Dimethyl suberimidate and its analogs are symmetrical bifunctional reagents that form amidine linkages with primary amino groups. These reagents were used previously to study nearest neighbor relationships of proteins in viruses and in complex structures such as ribosomes. Dimethyl suberimidate also reacts with phosphatidylethanolamine, which can be radioactively labeled specifically with [14C]ethanolamine. When enveloped viruses containing radioactive phosphatidylethanolamine are exposed to the diimido ester, a fraction of the radioactivity becomes linked to viral structural proteins. Upon separation by sodium dodecyl sulfate/polyacrylamide gel electrophoresis, the lipid-protein complexes can be visualized on fluorograms of the gels.
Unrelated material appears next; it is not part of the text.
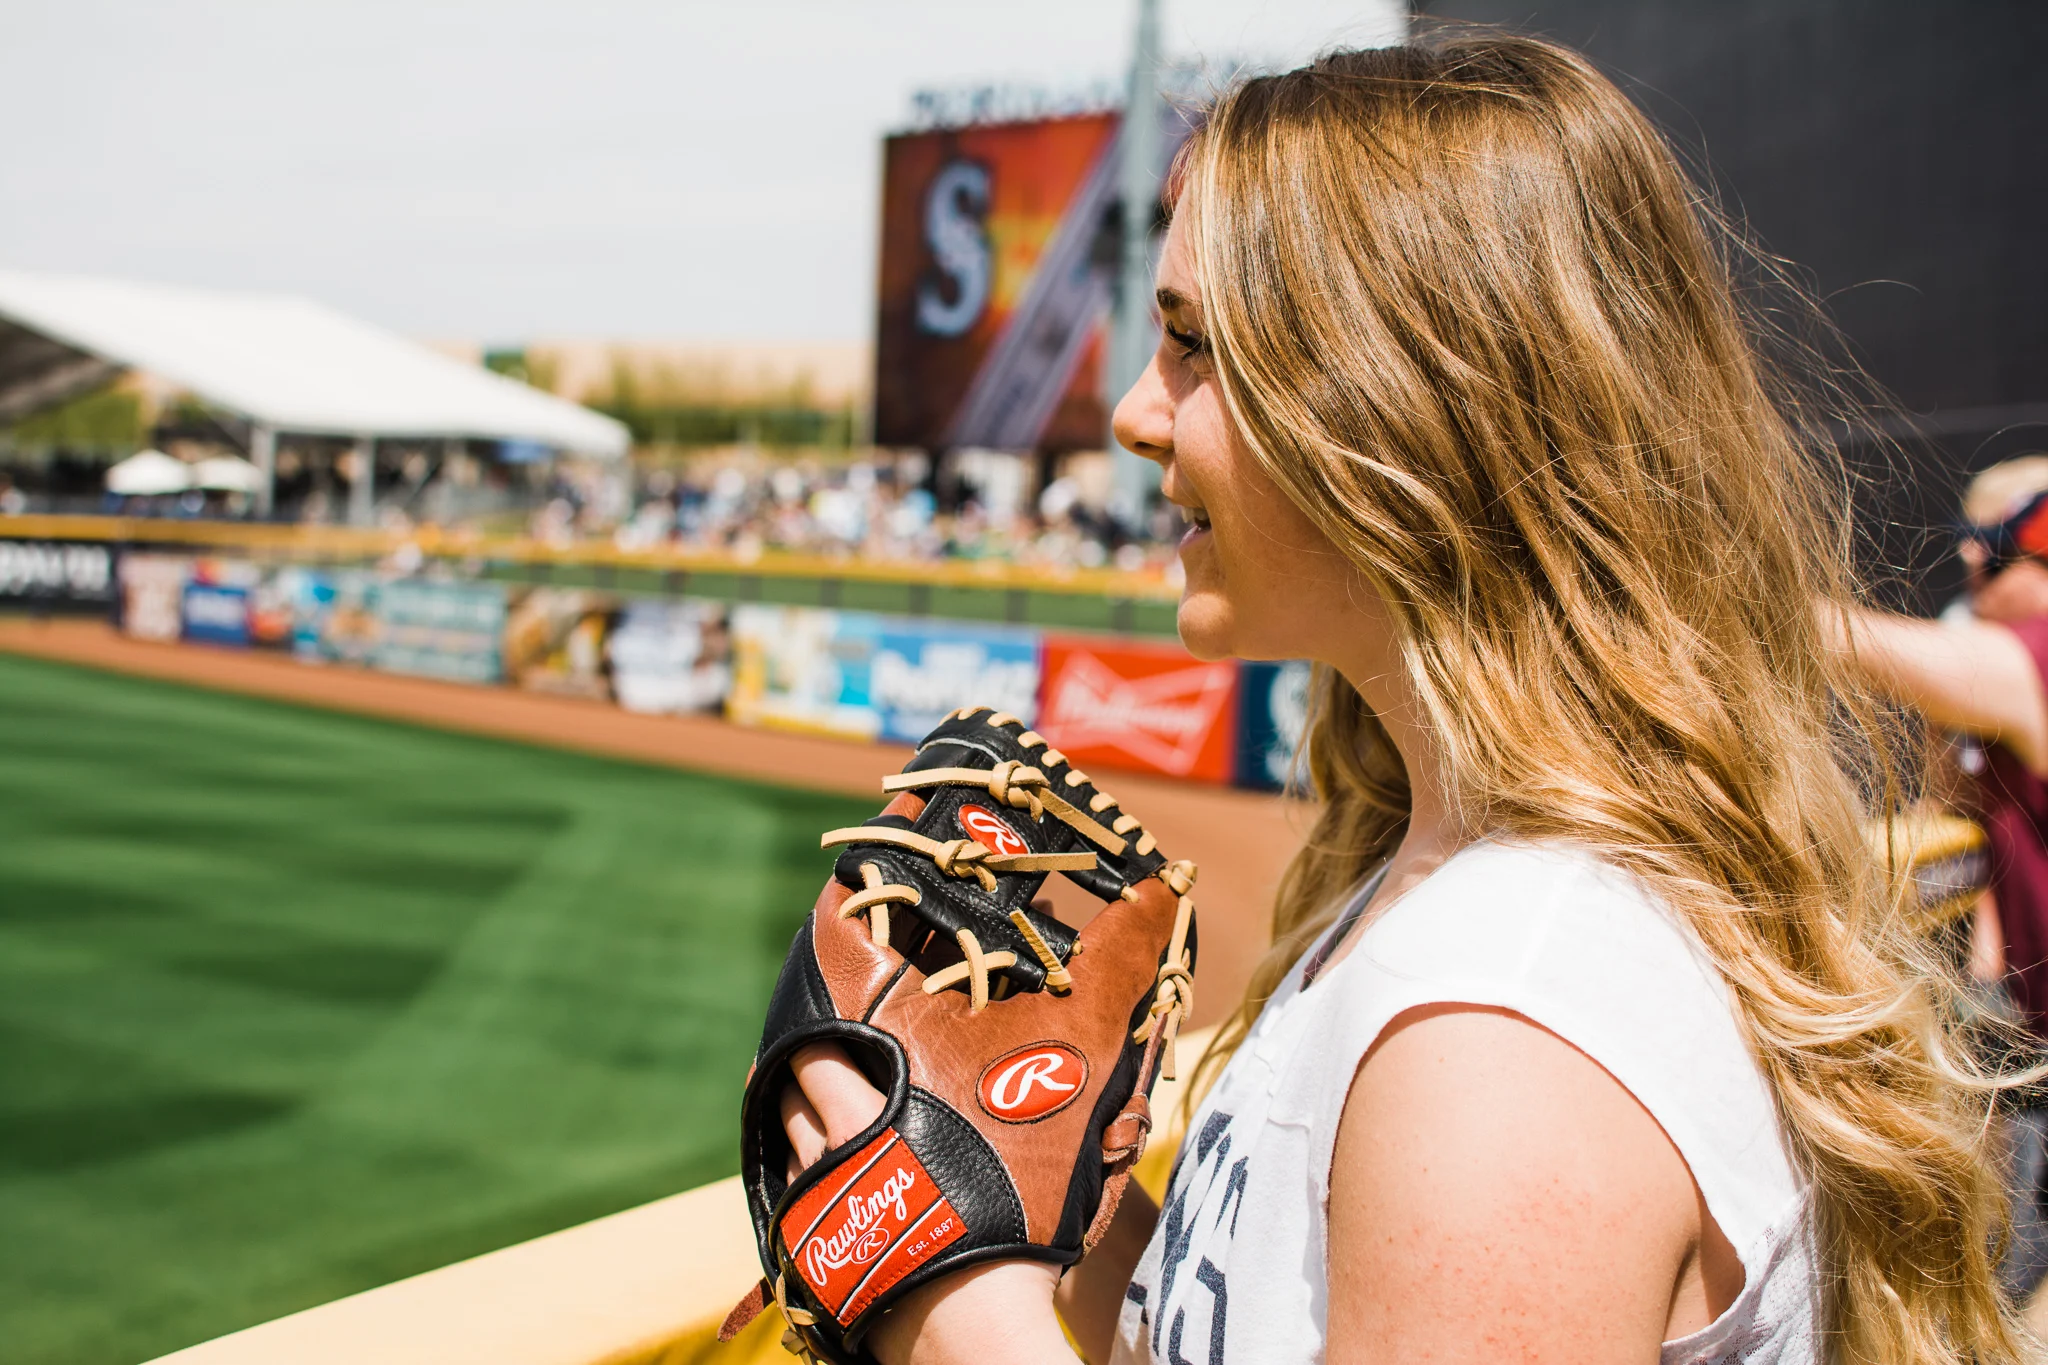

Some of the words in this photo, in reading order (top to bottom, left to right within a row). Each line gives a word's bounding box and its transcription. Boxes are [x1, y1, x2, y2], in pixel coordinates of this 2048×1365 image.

The cross-linking of lipids to proteins is specific, since it requires the viral structure to be intact, and since only certain proteins become chemically linked to phosphatidylethanolamine even though all the proteins react with dimethyl suberimidate. In vesicular stomatitis virus, the structure of which was well characterized, only the glycoprotein and the matrix protein become linked to lipid. This is consistent with their known locations protruding outwards and inwards from the virus membrane, respectively. Thus, the cross-linking technique can be used to identify proteins in close proximity to the lipid bilayer. In the avian leukemia and sarcoma viruses the protein designated p19, and in the murine leukemia viruses, p15, become linked to radioactive lipid. Since avian p19 and murine p15 are internal structural proteins, apparently they are equivalent to the matrix protein defined for other enveloped viruses.